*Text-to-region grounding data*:
-*-*-

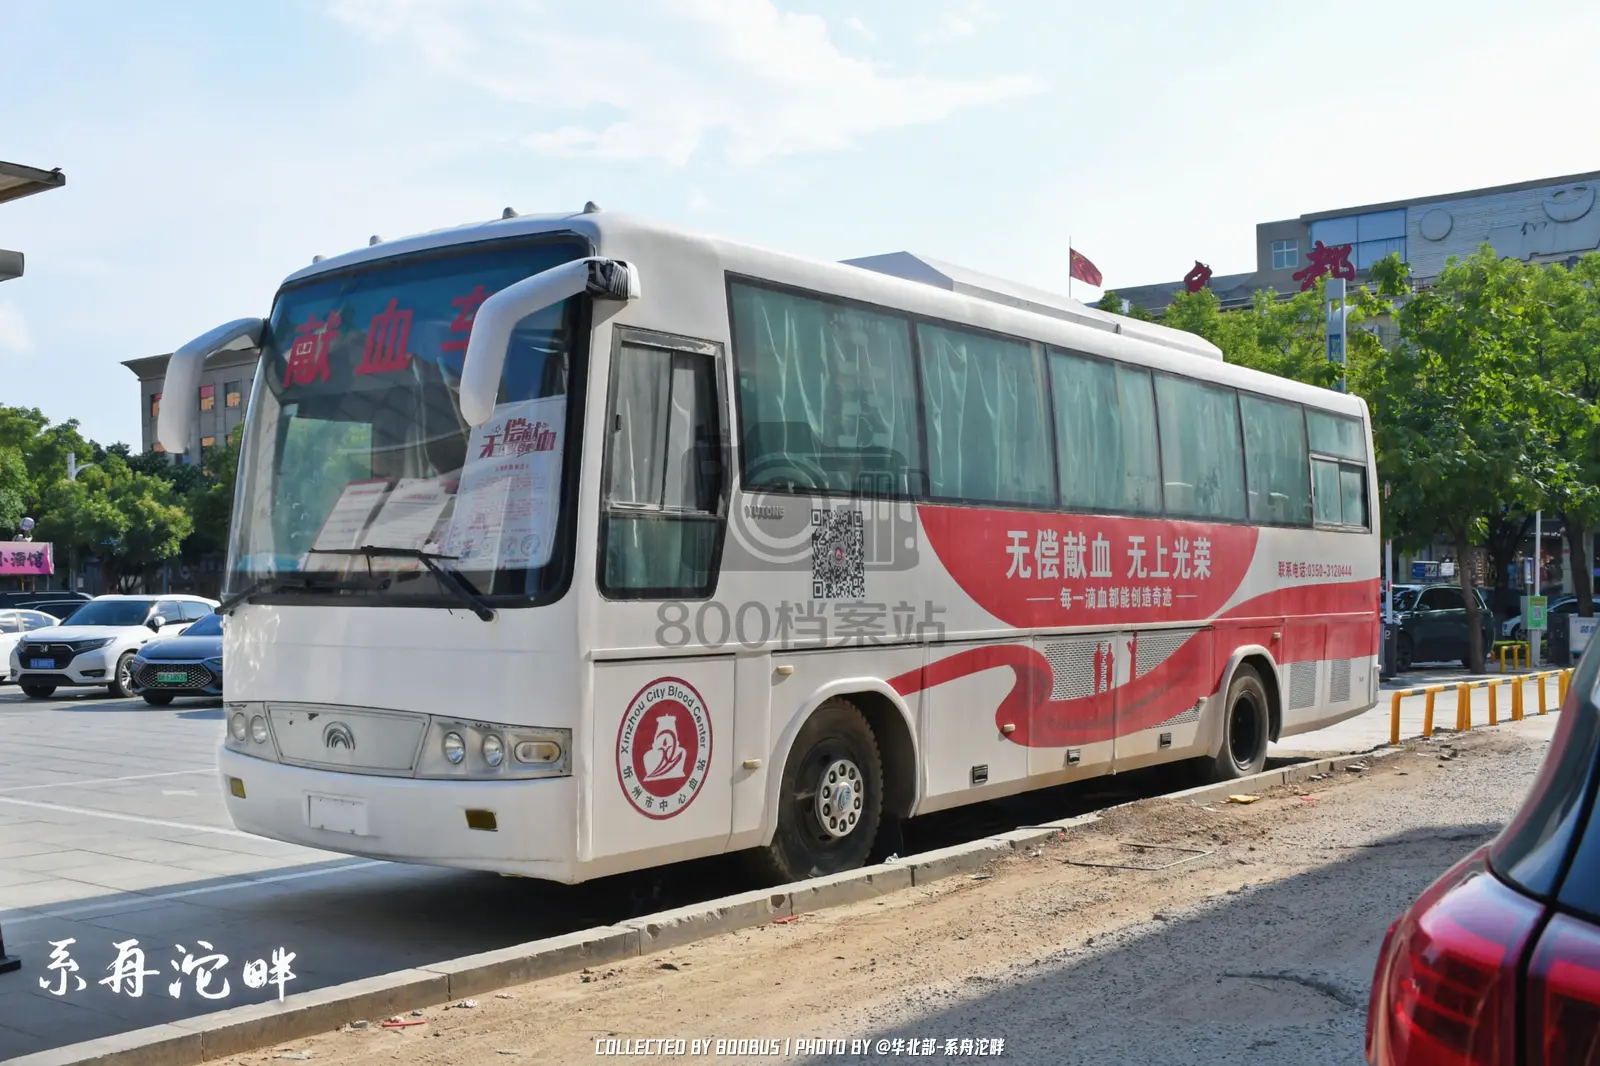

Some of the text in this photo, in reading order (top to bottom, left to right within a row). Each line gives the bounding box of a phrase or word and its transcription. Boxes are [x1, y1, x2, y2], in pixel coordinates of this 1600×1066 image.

[479, 417, 557, 459] 无偿献血
[1005, 529, 1212, 580] 无偿献血 无上光荣
[1060, 587, 1172, 610] 每一滴血都能创造奇迹
[621, 685, 707, 754] Xinzhou City Blood Center
[623, 759, 707, 812] 忻州市中心血站
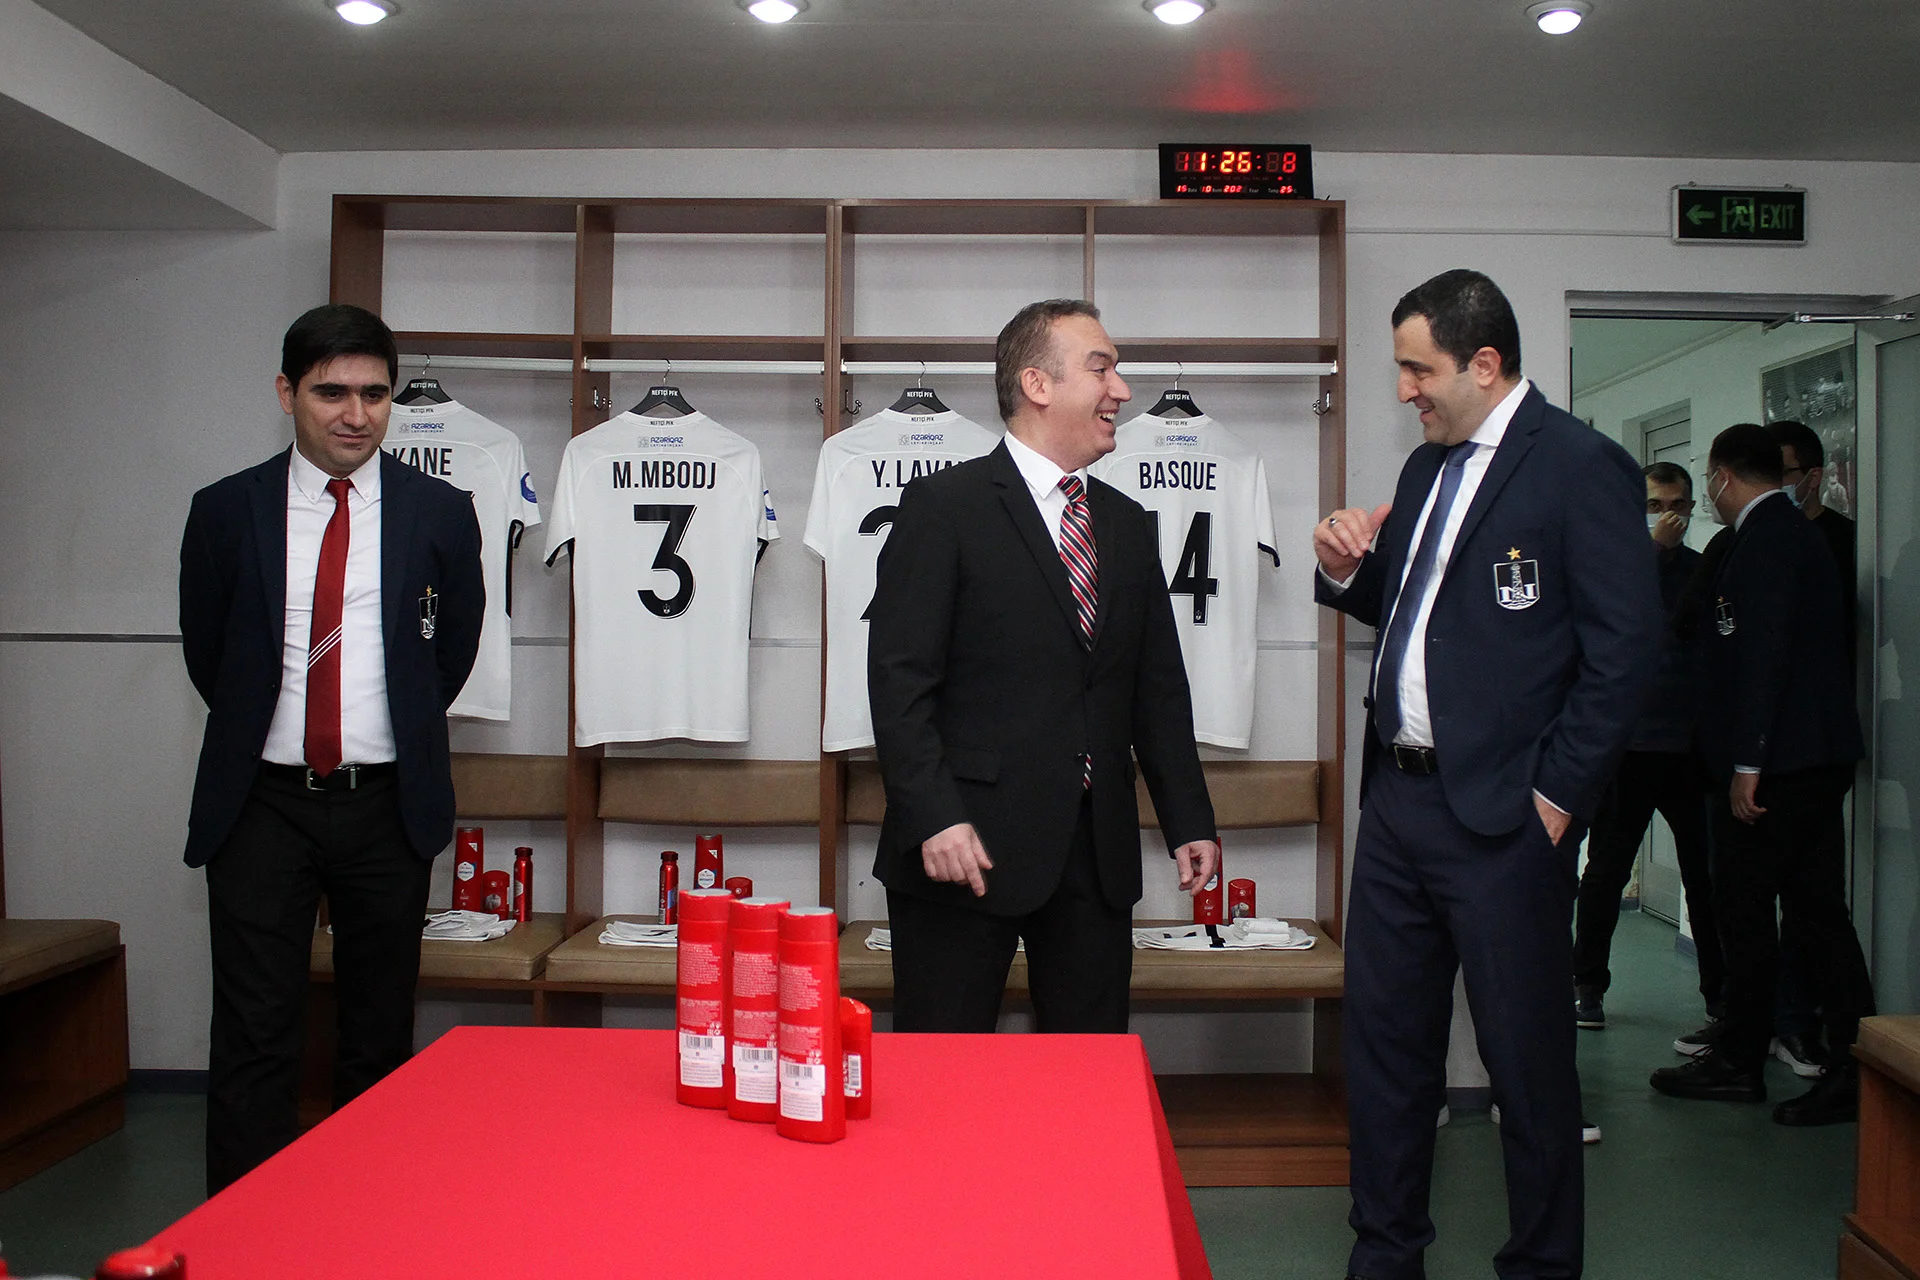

-*-*-

All that is needed is an exact copy of the entries above, minus the pictures.

*PROBLEM SOLUTION*:
Some of the text in this photo, in reading order (top to bottom, left to right within a row). Each line gives the bounding box of a phrase or word and its transcription. Boxes are [x1, y1, x2, y2], in pixel coordinates of this 1600×1066 image.

[479, 417, 557, 459] 无偿献血
[1005, 529, 1212, 580] 无偿献血 无上光荣
[1060, 587, 1172, 610] 每一滴血都能创造奇迹
[621, 685, 707, 754] Xinzhou City Blood Center
[623, 759, 707, 812] 忻州市中心血站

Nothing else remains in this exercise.